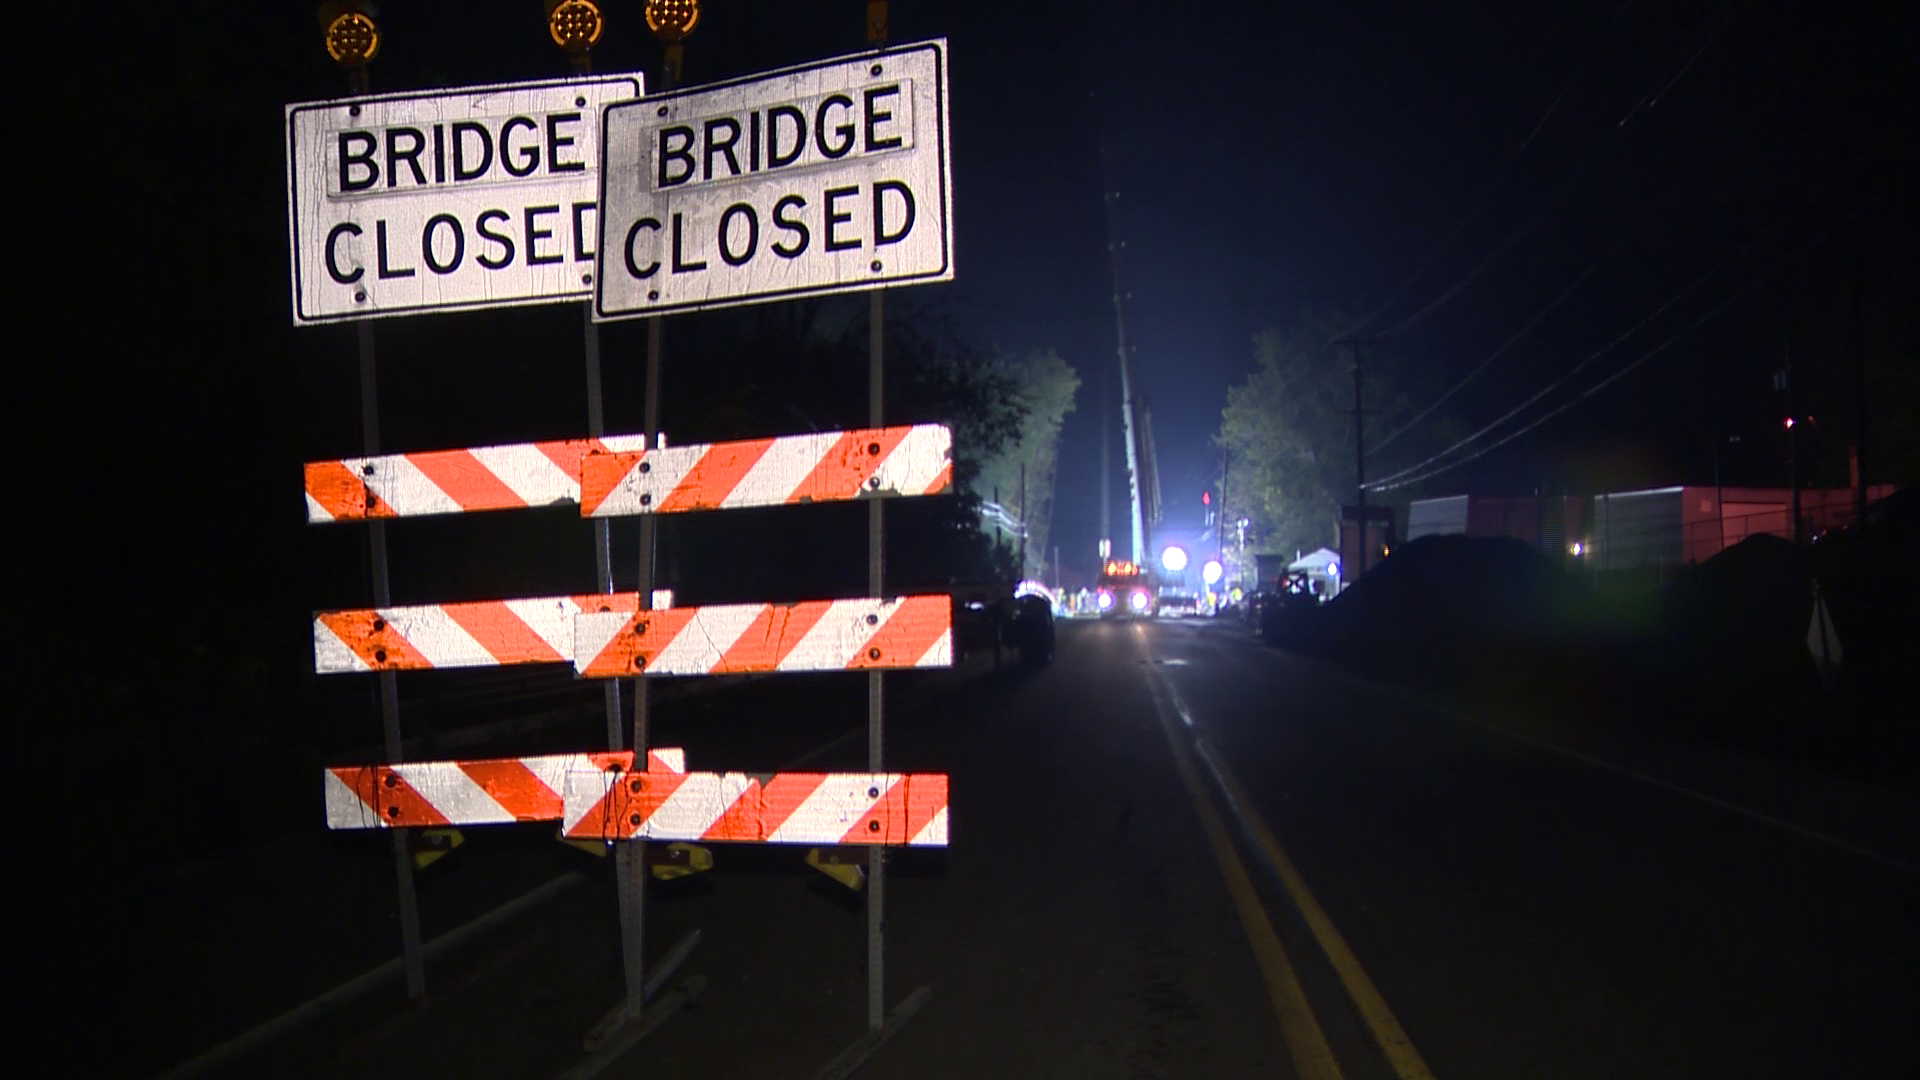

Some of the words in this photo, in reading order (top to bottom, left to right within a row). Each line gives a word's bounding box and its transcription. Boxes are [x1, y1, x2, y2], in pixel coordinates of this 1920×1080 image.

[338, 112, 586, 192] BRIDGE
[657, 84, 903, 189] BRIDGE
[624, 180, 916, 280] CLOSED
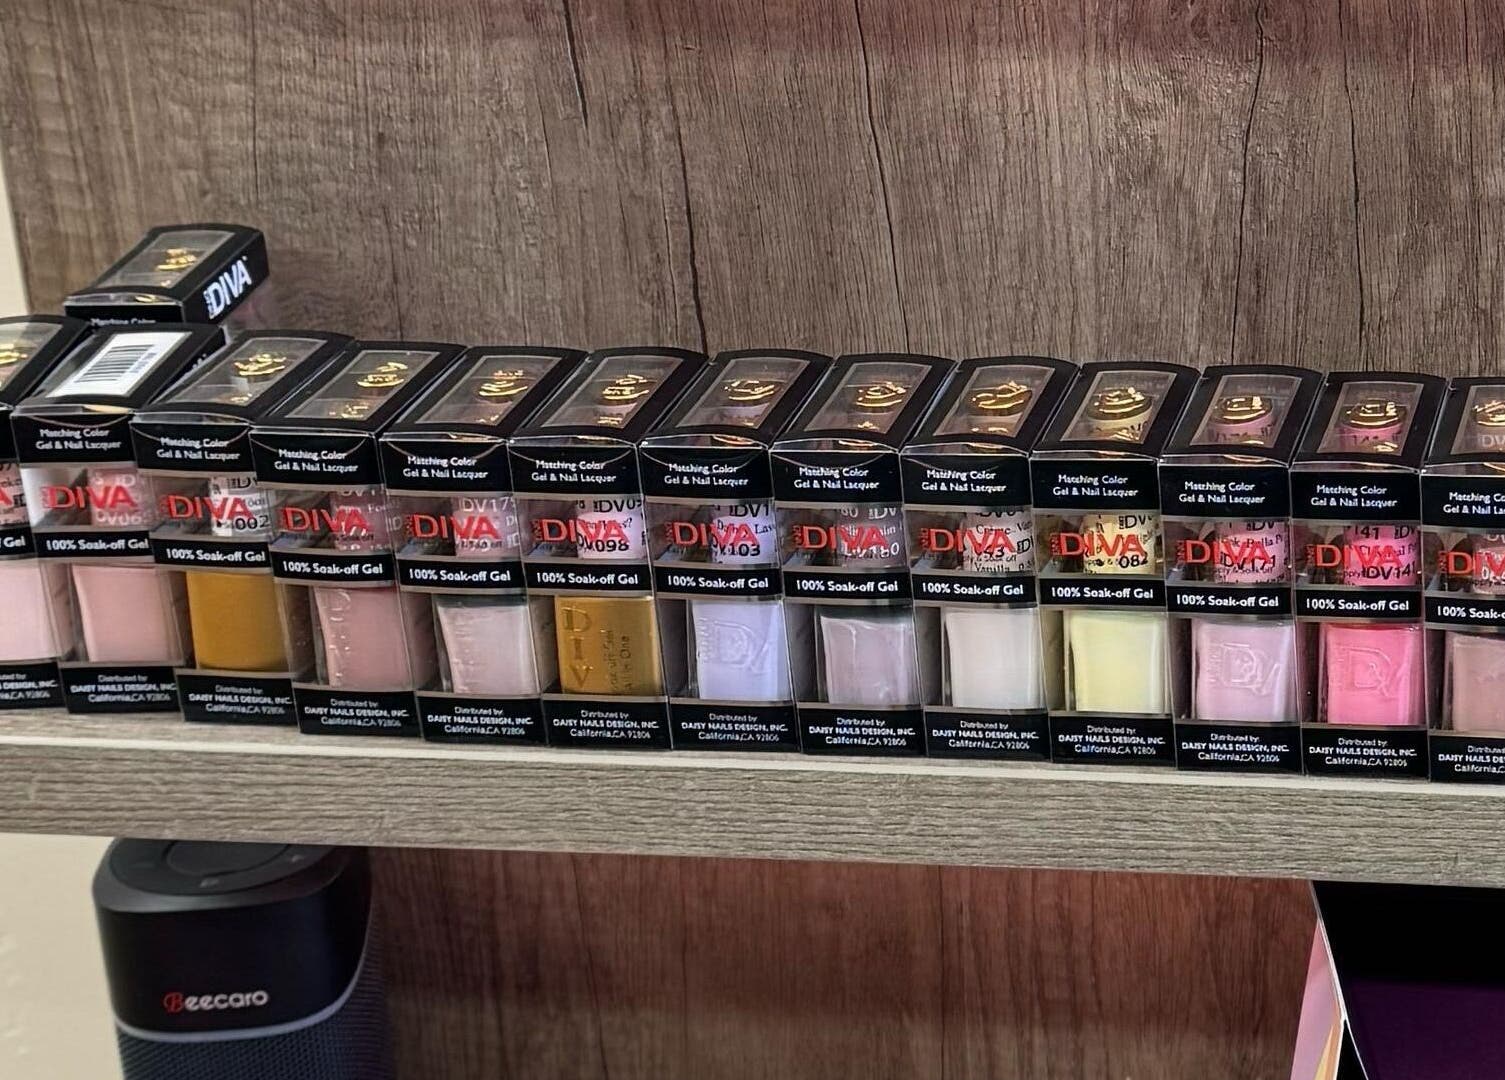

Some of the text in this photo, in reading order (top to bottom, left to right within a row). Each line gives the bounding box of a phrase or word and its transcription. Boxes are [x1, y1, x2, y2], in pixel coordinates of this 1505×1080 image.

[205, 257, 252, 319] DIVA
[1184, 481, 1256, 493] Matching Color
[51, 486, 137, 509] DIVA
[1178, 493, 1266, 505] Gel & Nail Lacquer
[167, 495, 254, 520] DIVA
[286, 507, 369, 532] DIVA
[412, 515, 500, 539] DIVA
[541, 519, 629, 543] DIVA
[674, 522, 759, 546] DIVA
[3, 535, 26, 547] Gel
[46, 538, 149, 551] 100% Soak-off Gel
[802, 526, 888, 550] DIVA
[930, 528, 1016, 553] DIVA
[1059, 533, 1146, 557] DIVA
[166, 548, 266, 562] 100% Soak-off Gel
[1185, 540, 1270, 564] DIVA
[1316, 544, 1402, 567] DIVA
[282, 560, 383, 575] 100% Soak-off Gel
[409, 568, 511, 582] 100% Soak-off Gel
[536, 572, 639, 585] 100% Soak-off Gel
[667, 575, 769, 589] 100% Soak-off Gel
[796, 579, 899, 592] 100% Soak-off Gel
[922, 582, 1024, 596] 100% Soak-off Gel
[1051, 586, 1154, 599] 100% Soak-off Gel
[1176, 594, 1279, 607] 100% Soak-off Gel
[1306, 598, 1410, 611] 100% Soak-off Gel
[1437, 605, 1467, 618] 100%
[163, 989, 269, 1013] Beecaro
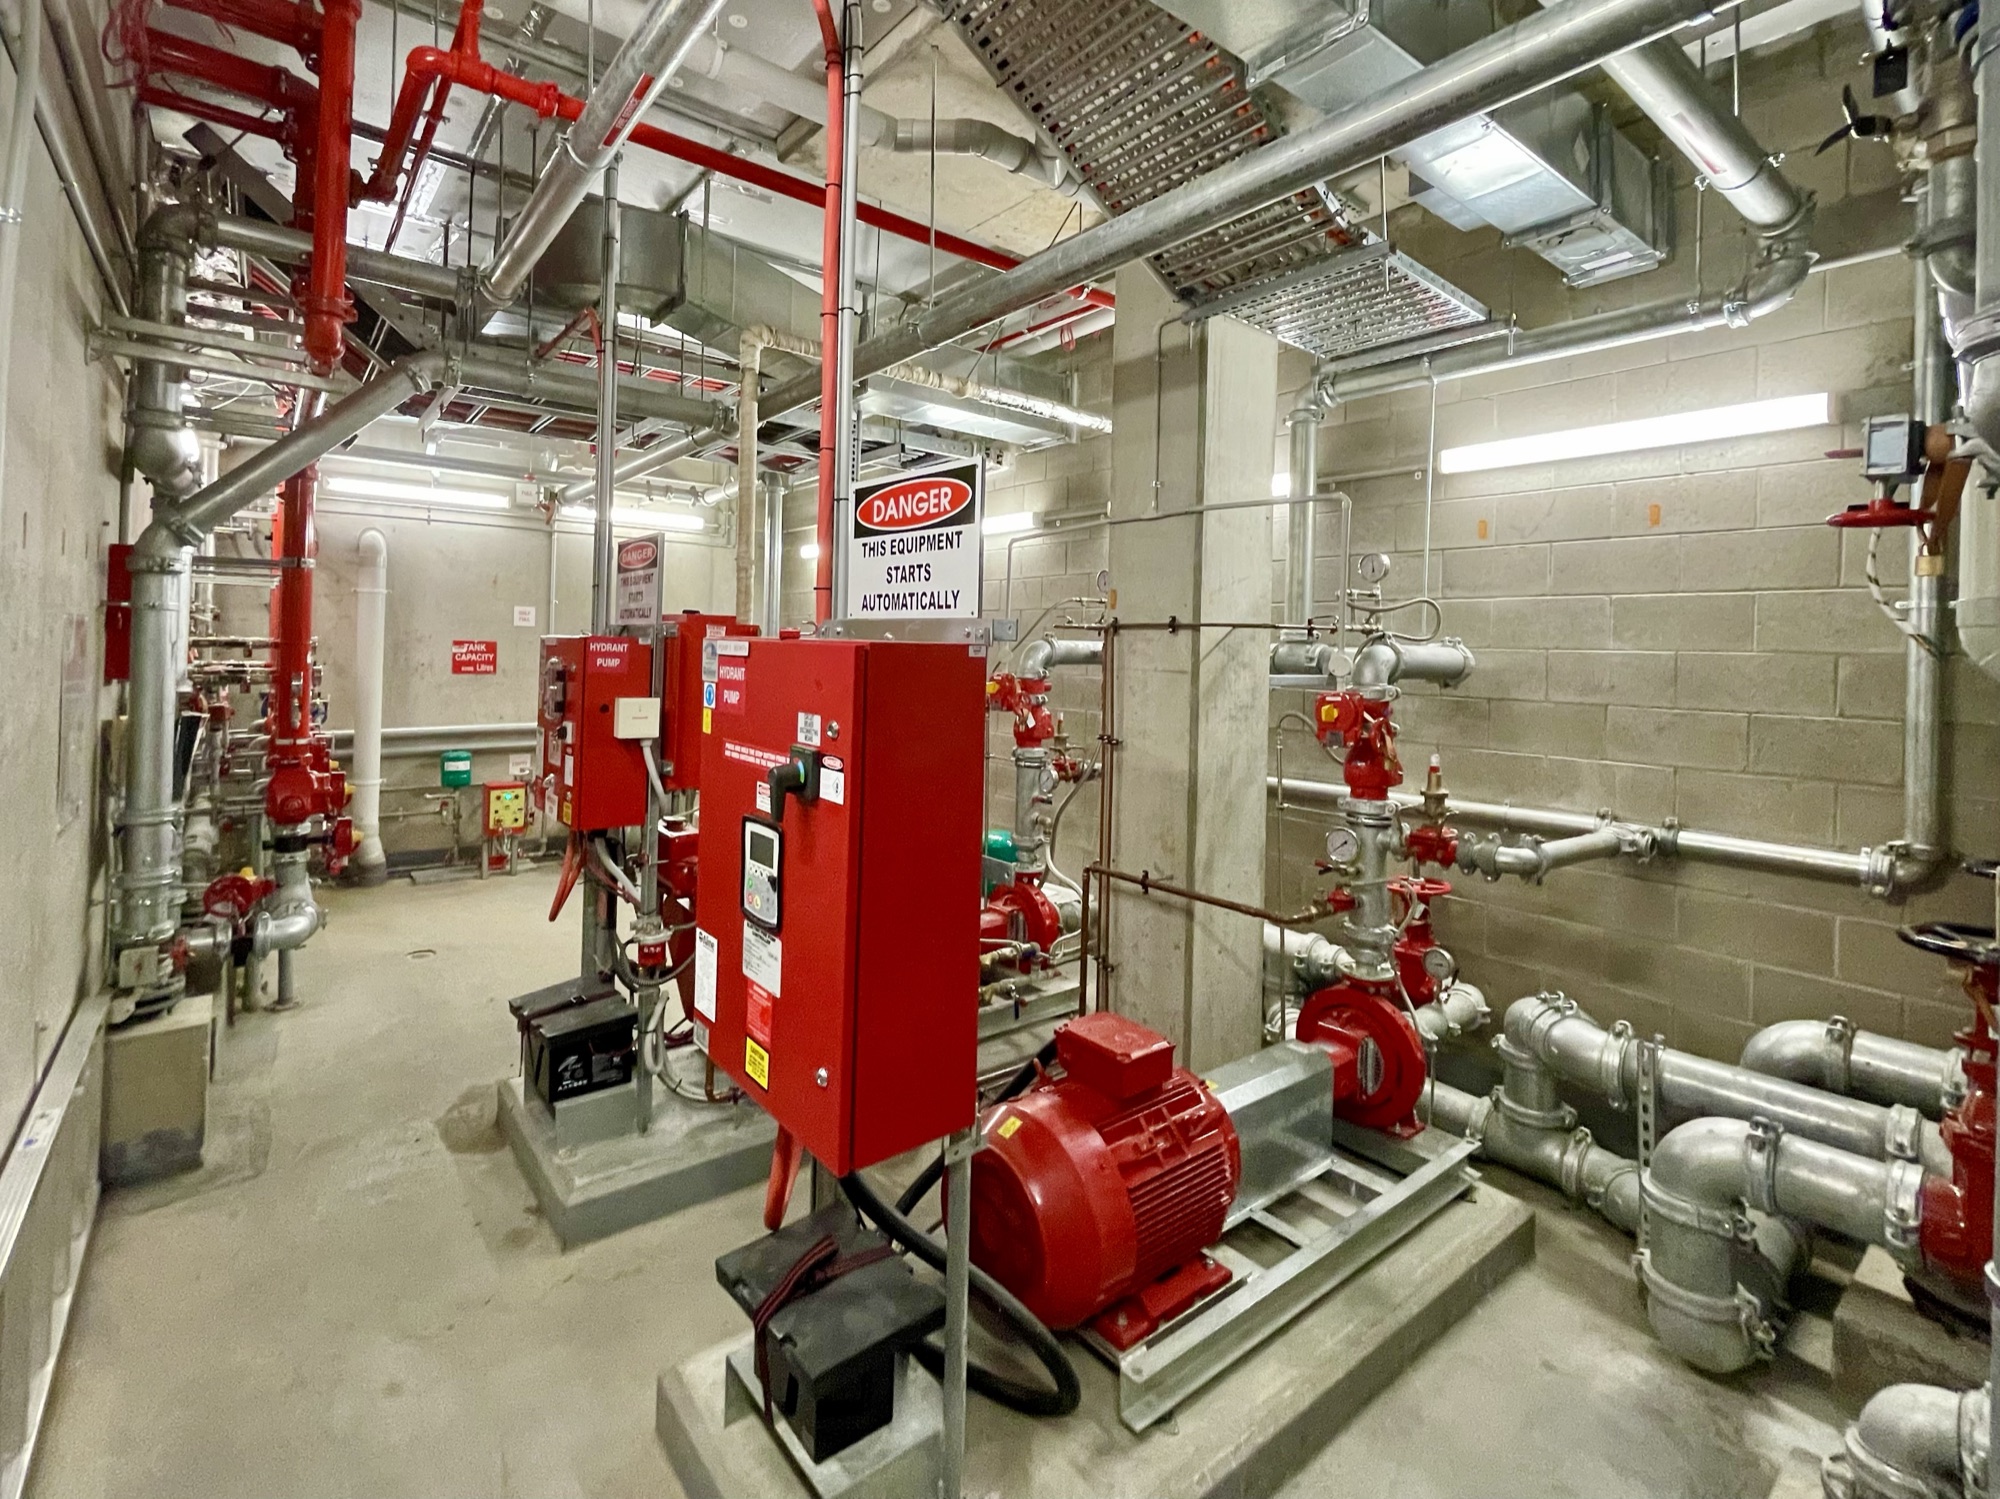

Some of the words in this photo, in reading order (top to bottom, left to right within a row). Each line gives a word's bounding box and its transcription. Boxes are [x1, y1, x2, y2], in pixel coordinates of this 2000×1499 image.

* [WHAT IS EXPECTED]
Omit every picture while transcribing the records above exactly.

* [RESPONSE FOR THIS EXERCISE]
Some of the words in this photo, in reading order (top to bottom, left to right within a row). Each line gives a word's bounding box and its transcription. Boxes are [x1, y1, x2, y2], in pixel coordinates of this 1920×1080 image.

[338, 112, 586, 192] BRIDGE
[657, 84, 903, 189] BRIDGE
[624, 180, 916, 280] CLOSED

Some of the text in this photo, in reading order (top to bottom, left to right within a row). Each line gives the bounding box of a phrase or word and its transcription. Boxes are [x1, y1, x2, y2], in pixel coordinates of this 1505×1080 image.

[205, 257, 252, 319] DIVA
[1184, 481, 1256, 493] Matching Color
[51, 486, 137, 509] DIVA
[1178, 493, 1266, 505] Gel & Nail Lacquer
[167, 495, 254, 520] DIVA
[286, 507, 369, 532] DIVA
[412, 515, 500, 539] DIVA
[541, 519, 629, 543] DIVA
[674, 522, 759, 546] DIVA
[3, 535, 26, 547] Gel
[46, 538, 149, 551] 100% Soak-off Gel
[802, 526, 888, 550] DIVA
[930, 528, 1016, 553] DIVA
[1059, 533, 1146, 557] DIVA
[166, 548, 266, 562] 100% Soak-off Gel
[1185, 540, 1270, 564] DIVA
[1316, 544, 1402, 567] DIVA
[282, 560, 383, 575] 100% Soak-off Gel
[409, 568, 511, 582] 100% Soak-off Gel
[536, 572, 639, 585] 100% Soak-off Gel
[667, 575, 769, 589] 100% Soak-off Gel
[796, 579, 899, 592] 100% Soak-off Gel
[922, 582, 1024, 596] 100% Soak-off Gel
[1051, 586, 1154, 599] 100% Soak-off Gel
[1176, 594, 1279, 607] 100% Soak-off Gel
[1306, 598, 1410, 611] 100% Soak-off Gel
[1437, 605, 1467, 618] 100%
[163, 989, 269, 1013] Beecaro

Some of the words in this photo, in reading order (top to bottom, left to right within a row). Each line gives a word's bounding box and its transcription. Boxes are [x1, y1, x2, y2], in pixel coordinates of this 2000×1499 image.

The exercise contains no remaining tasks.